Africa: Initiation Rites

Types of Initiation Rites

Rituals celebrating the beginning of adulthood are probably the most widespread type of initiation rites in Africa. They mark the end of childhood and instruct young people in their responsibilities as adults. Among the Bemba coming-of-age rites may last for a month and include secret sayings and special songs and dances performed in the woods and in an initiation house. Different societies see adulthood beginning at different ages. For the Gusii of KENYA, the passage from childhood to adulthood occurs at age 8, while the MAASAI of Kenya and TANZANIA initiate youths between ages 15 and 18. The TUAREG of the Sahara celebrate the first time a boy wraps the face veil around his head at about age 18.
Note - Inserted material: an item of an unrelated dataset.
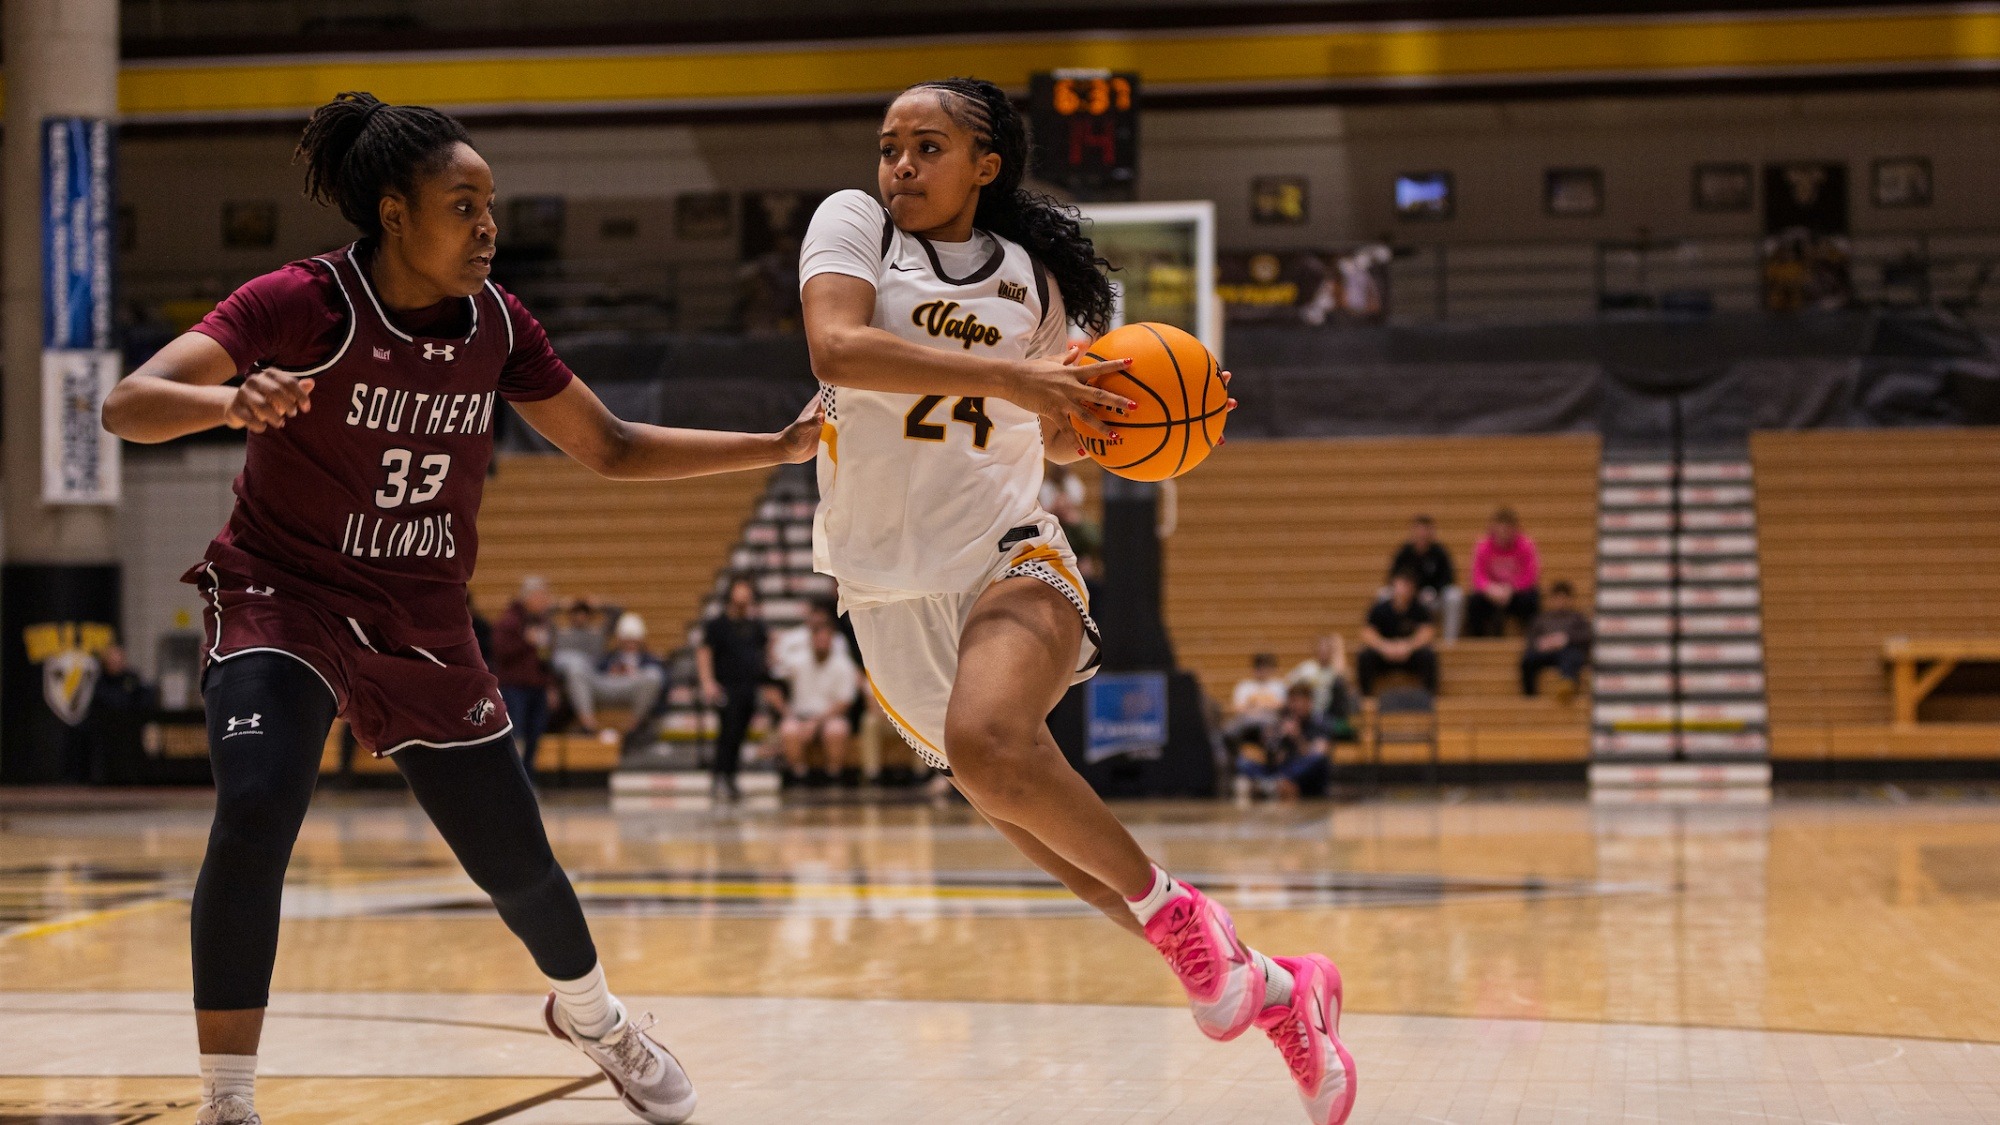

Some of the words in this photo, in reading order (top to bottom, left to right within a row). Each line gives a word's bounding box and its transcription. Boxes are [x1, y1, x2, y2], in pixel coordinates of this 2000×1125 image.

Membership in African secret societies begins with an initiation rite. In western Africa the ceremony often includes a masquerade with songs and dances performed in elaborate costumes. In SIERRA LEONE, LIBERIA, GUINEA, and IVORY COAST, Sande societies for women and Poro societies for men have existed for at least 400 years. The secret societies are organized hierarchically. The first level of membership occurs at adulthood, and members may advance to higher levels through additional instruction. The societies play an important role in the community's political and economic life, making decisions on legal matters, agriculture, and trade.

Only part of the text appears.